Part 3 of the Japan honeymoon series is about Tokyo and will be relatively short because of the lack of photos taken in Tokyo. After Hakone, J and I stayed one night in Tokyo as a stopover before our flight the next day to Hokkaido. I originally planned to stop by several places in Tokyo but we were both tired from the train ride and decided to rest early. I probably took fewer than three good photos and so I wasn’t going to write a post about Tokyo at all, but as I was organizing all of the photos from the trip, I realized that J had taken some gorgeous pictures…during his morning run on the second day!

You see, one thing I really respect and admire about my husband is his stamina and ability to run long distances and his perseverance to get up early and run almost EVERY SINGLE DAY! Clearly travelling didn’t stop him and actually prompted him to go farther, as he only had limited time in the capital of Japan. It was his way of seeing parts of a city that we probably would never have otherwise come across. To that I say, “Well done, sir, and I’m ashamed of myself for not being able to run two minutes without feeling like I’m about to faint.” 😦

About Tokyo, most people would put it at the top of their list when travelling to Japan, but I skipped it both in 2018 and this time around. Somehow I got this impression that Tokyo is just another modern megacity with lots of crowds and lots of lights, and it would probably be too similar to, say, Shanghai or New York (haven’t been to the latter). For that reason, it hadn’t attracted much of my attention, but I am curious about places such as the Shibuya Crossing, Akihabara, Senso-ji, and the Tsukiji market. Also, exploring a place like Tokyo would require many more than two or three days, preferably five or more, so it will have to wait till a future trip. But I will get to you again, Tokyo, and see what you’re all about. For now, let me take you on a virtual run through the eyes of my husband.

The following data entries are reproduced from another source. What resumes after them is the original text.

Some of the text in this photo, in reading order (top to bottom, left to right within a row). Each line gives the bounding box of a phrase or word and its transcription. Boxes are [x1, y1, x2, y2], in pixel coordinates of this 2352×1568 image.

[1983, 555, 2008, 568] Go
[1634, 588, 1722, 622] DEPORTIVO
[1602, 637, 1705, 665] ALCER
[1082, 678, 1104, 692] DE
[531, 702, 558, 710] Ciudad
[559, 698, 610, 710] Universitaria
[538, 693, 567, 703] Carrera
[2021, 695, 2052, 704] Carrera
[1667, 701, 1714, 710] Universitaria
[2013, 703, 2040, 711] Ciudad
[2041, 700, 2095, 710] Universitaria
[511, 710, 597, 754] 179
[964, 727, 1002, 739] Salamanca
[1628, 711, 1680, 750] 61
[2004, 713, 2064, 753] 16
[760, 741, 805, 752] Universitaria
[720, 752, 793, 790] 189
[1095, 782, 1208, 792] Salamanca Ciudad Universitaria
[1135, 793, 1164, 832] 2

Passing by the outer limits of the Imperial Palace in central Tokyo, which is surrounded by a moat. J commented that the walled area was much smaller than what he’d expected for an ancient imperial palace.

Public art – sculptures of three nude men standing on a platform in the middle of a small pond. I won’t pretend I know where this photo was taken…

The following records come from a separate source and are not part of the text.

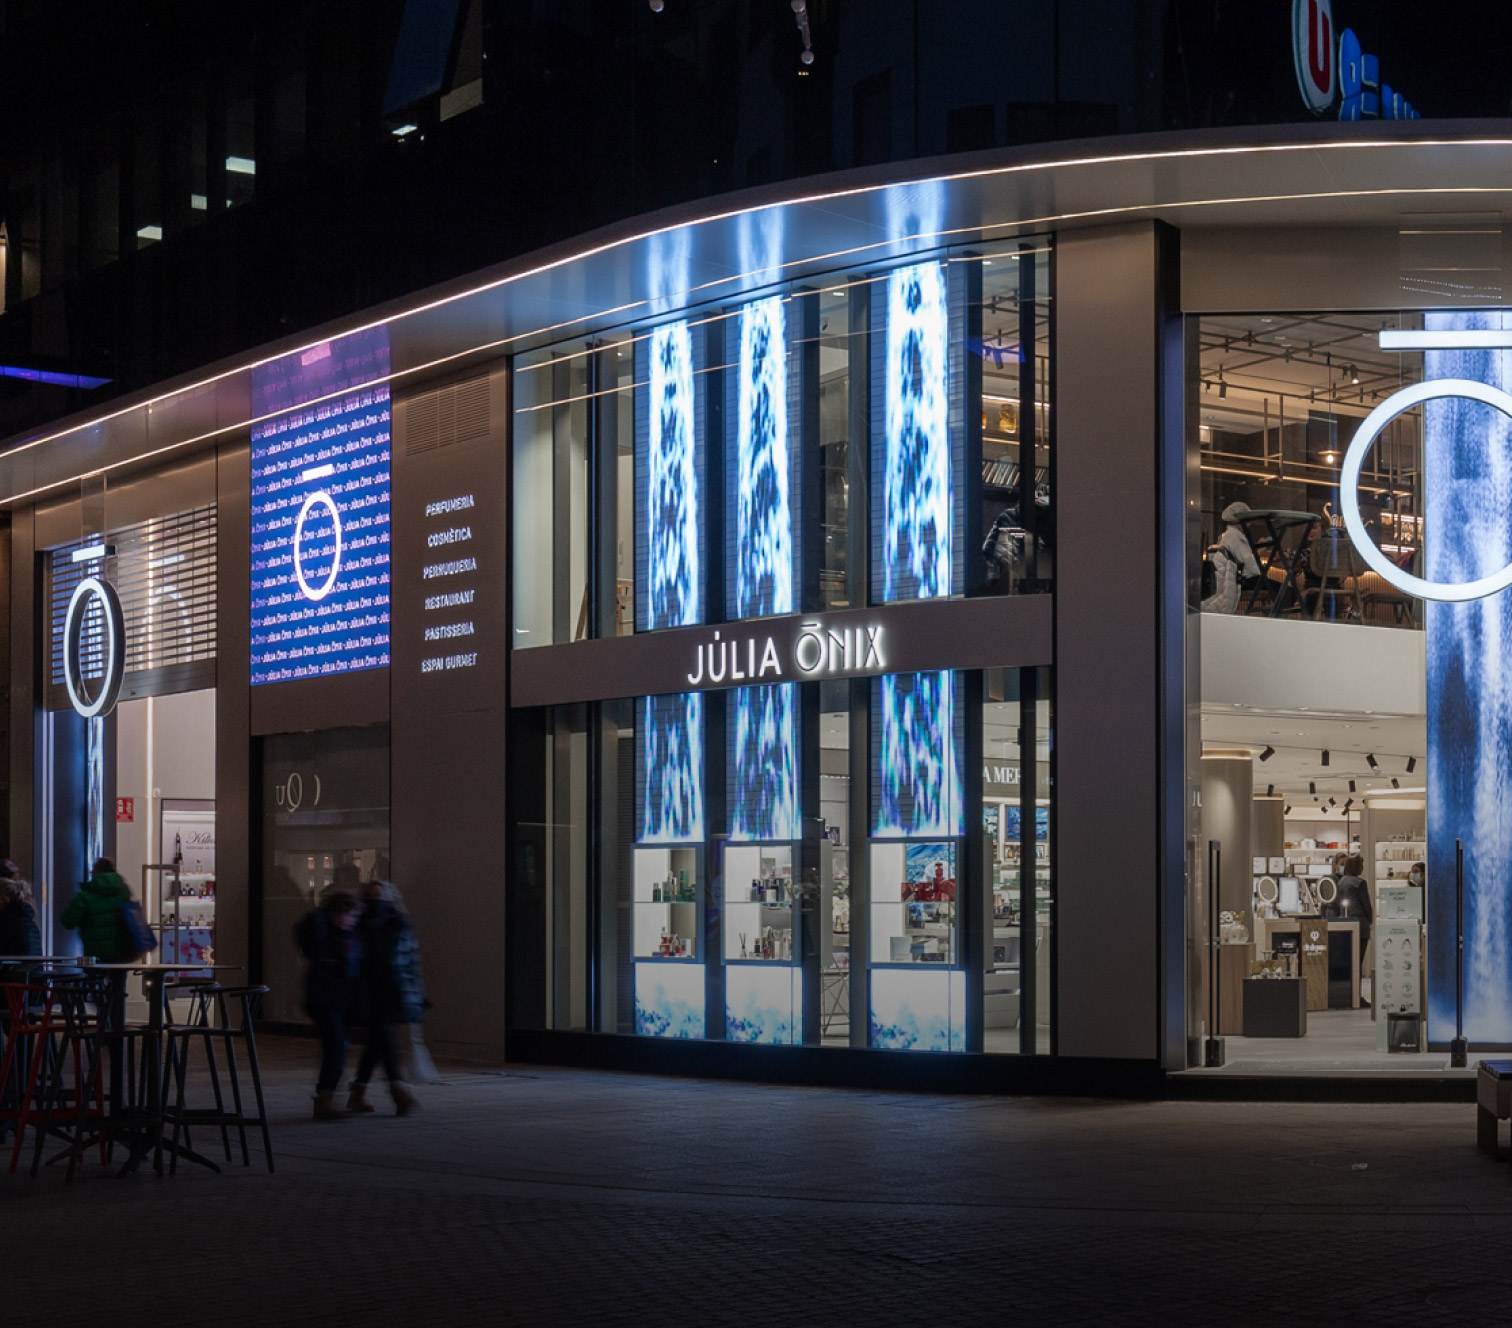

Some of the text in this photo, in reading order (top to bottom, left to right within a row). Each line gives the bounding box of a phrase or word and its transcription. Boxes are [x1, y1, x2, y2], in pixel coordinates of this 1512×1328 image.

[425, 495, 474, 517] PERFUMERIA
[428, 526, 472, 547] COSMÈTICA
[423, 557, 477, 579] PERRUQUERIA
[425, 590, 475, 610] RESTAURANT
[425, 621, 474, 641] PASTISSERIA
[421, 658, 444, 673] ESPAI

Orange tree! We actually saw quite a few of these in Hakone-Yumoto and even bought some oranges from the supermarket. Fruit was super expensive in Japan and our purchase was really just to see if the oranges were THAT good. They were alright, nothing too spectacular in my opinion.

School children likely on their way to class, probably first or second graders that remind me of the anime Chibi Maruko-chan, a childhood favourite!

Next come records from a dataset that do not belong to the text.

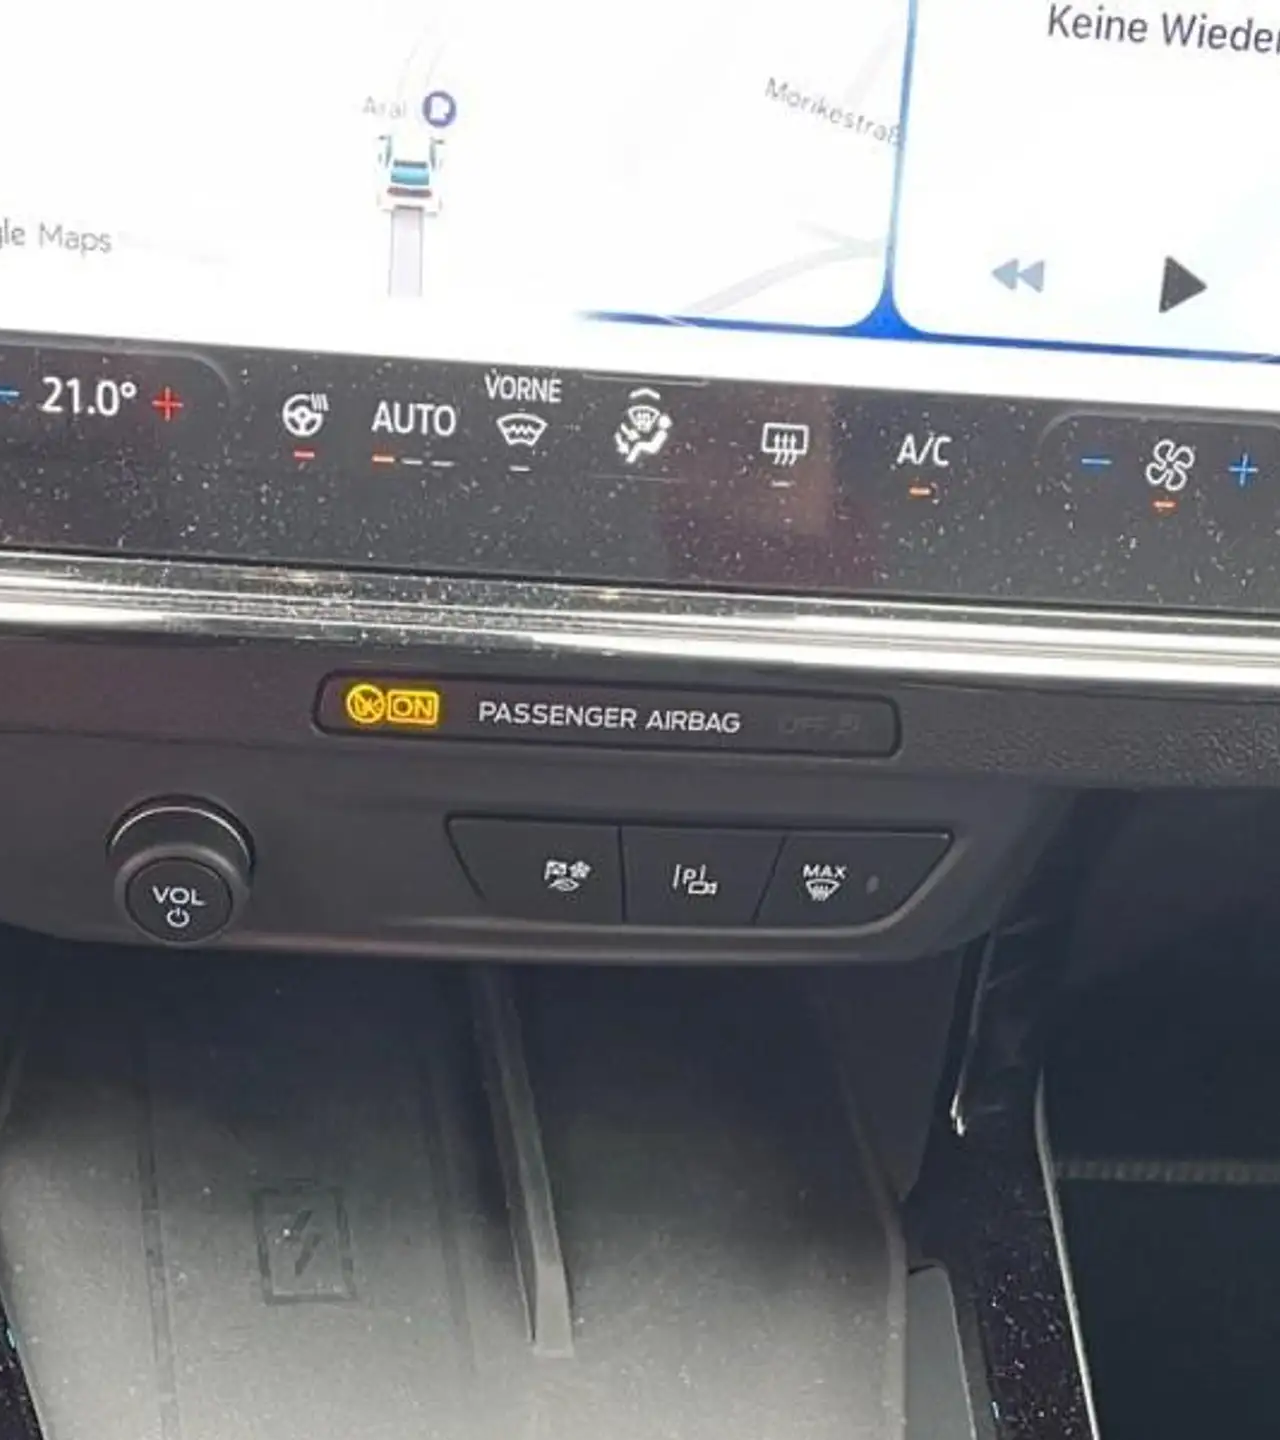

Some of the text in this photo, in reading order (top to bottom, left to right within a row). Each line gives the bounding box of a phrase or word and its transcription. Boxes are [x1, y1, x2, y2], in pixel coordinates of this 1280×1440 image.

[1047, 3, 1148, 43] Keine
[38, 221, 113, 259] Maps
[41, 376, 137, 416] 21.0°
[484, 373, 563, 404] VORNE
[371, 400, 457, 437] AUTO
[896, 433, 952, 467] A/C
[390, 696, 433, 718] ON
[478, 700, 742, 734] PASSENGER AIRBAG
[802, 864, 847, 880] MAX
[152, 885, 208, 907] VOL
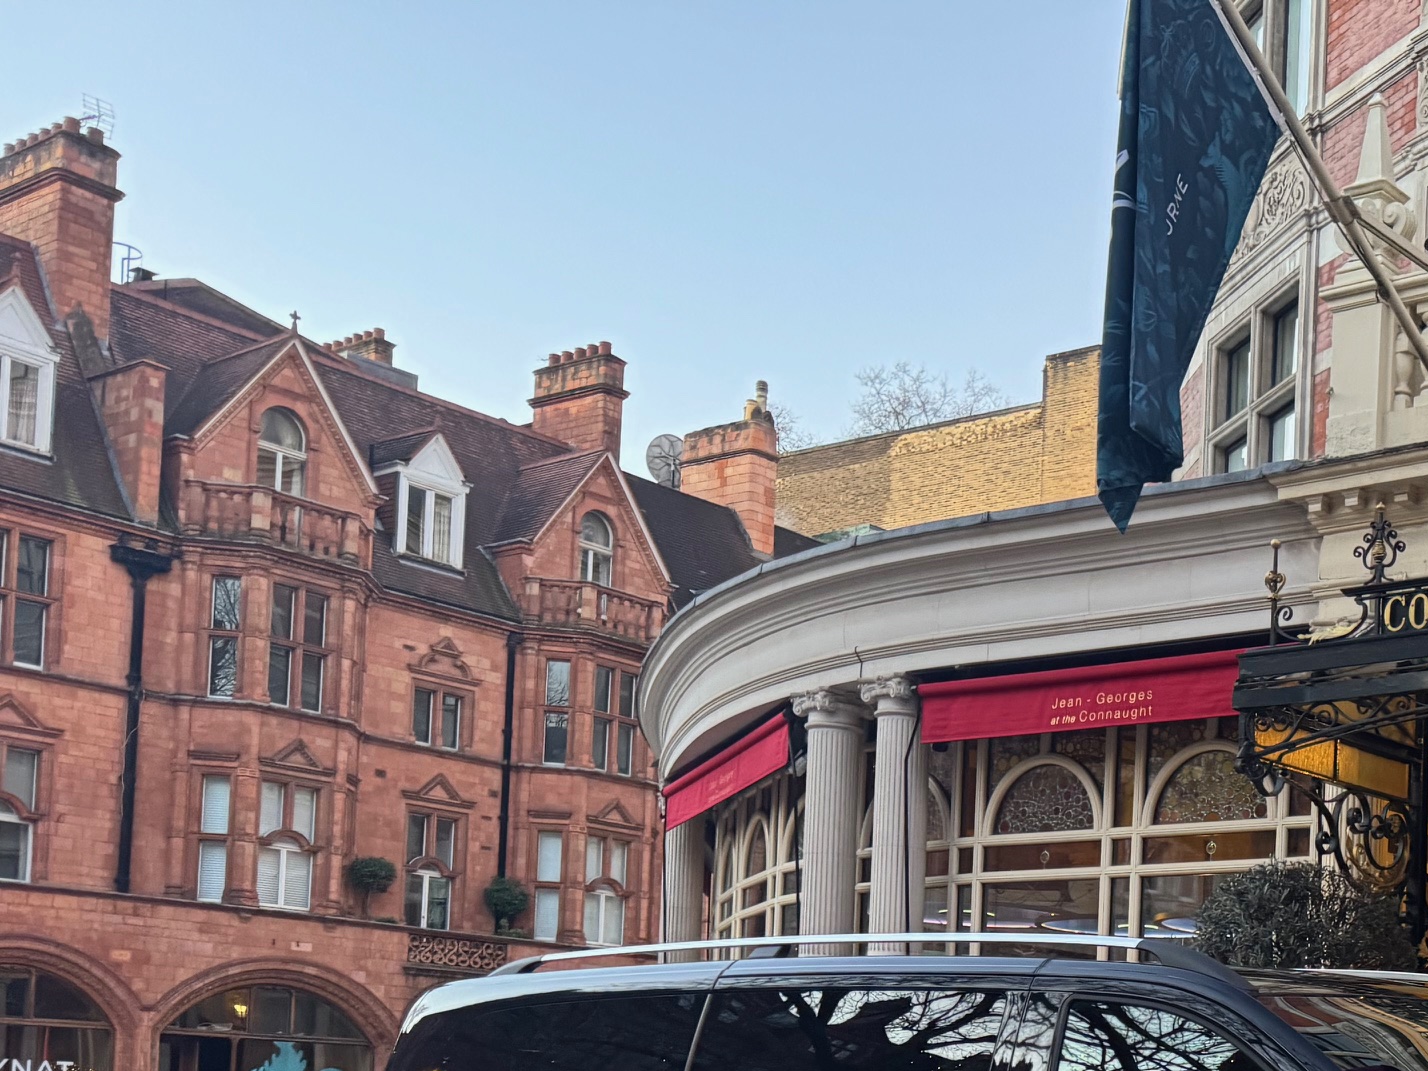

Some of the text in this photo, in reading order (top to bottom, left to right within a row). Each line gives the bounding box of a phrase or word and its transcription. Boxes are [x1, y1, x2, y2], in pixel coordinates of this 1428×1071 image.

[1051, 697, 1082, 709] Jean
[1096, 690, 1153, 705] Georges
[1050, 705, 1153, 726] at the Connaught

Another view of the moat, from another side of the Imperial Palace. (I had to approximate the location where this photo was taken by zooming into the original photo, identifying the text on one of the buildings to figure out what company it was, consulting Google Maps, and matching it with the tracked route of J’s run πŸ˜› )

Red-orange facade of the Marunouchi building, which is the side of Tokyo Station facing the Imperial Palace that I had missed out on. I know nothing about architecture but online sources suggest that there were elements of Renaissance architecture that went into its construction. Reminds me a bit of the Place du Capitole in Toulouse and the Plaza Mayor in Madrid.

Now that I’ve discovered that my husband is actually a hidden pro runner-photographer (pretty nice photos too), I’ve decided to include some of his photos in the upcoming posts (realized this after I’ve picked out all of the Hakone photos already, so none of his were featured in the two previous entries). His photos offer some view of cities from perspectives even I had no idea about – maybe I should take up running??? Next stop would be Otaru in Hokkaido – stay tuned!

Honeymoon in Japan, part 2 – It’s snowing in Hakone!

Part 2 of the Japan honeymoon series is dedicated to Hakone…again! While the previous post already outlined some of the special moments that J and I shared in Hakone, I felt that it was necessary to write this post separately because…it snowed on our last day in Hakone! Well, snow is not a big deal for me as I grew up in Canada, but it was an unexpected surprise for both of us and a farewell gift from Hakone.

We were told that Hakone doesn’t get that much snow (and we would be covered in snow when we were in Hokkaido anyway), and the previous two days were either cloudy or sunny with no sign of flakes or flurries. When I opened my eyes on our third and final day, I drew open the curtain in our room and was fascinated by what I saw. They weren’t just a few tiny flakes – all of Gora was covered in a sheet of white. In fact, it was still snowing in the morning, so with excitement I shook my husband to wake him up. “Look outside, it’s snowing!”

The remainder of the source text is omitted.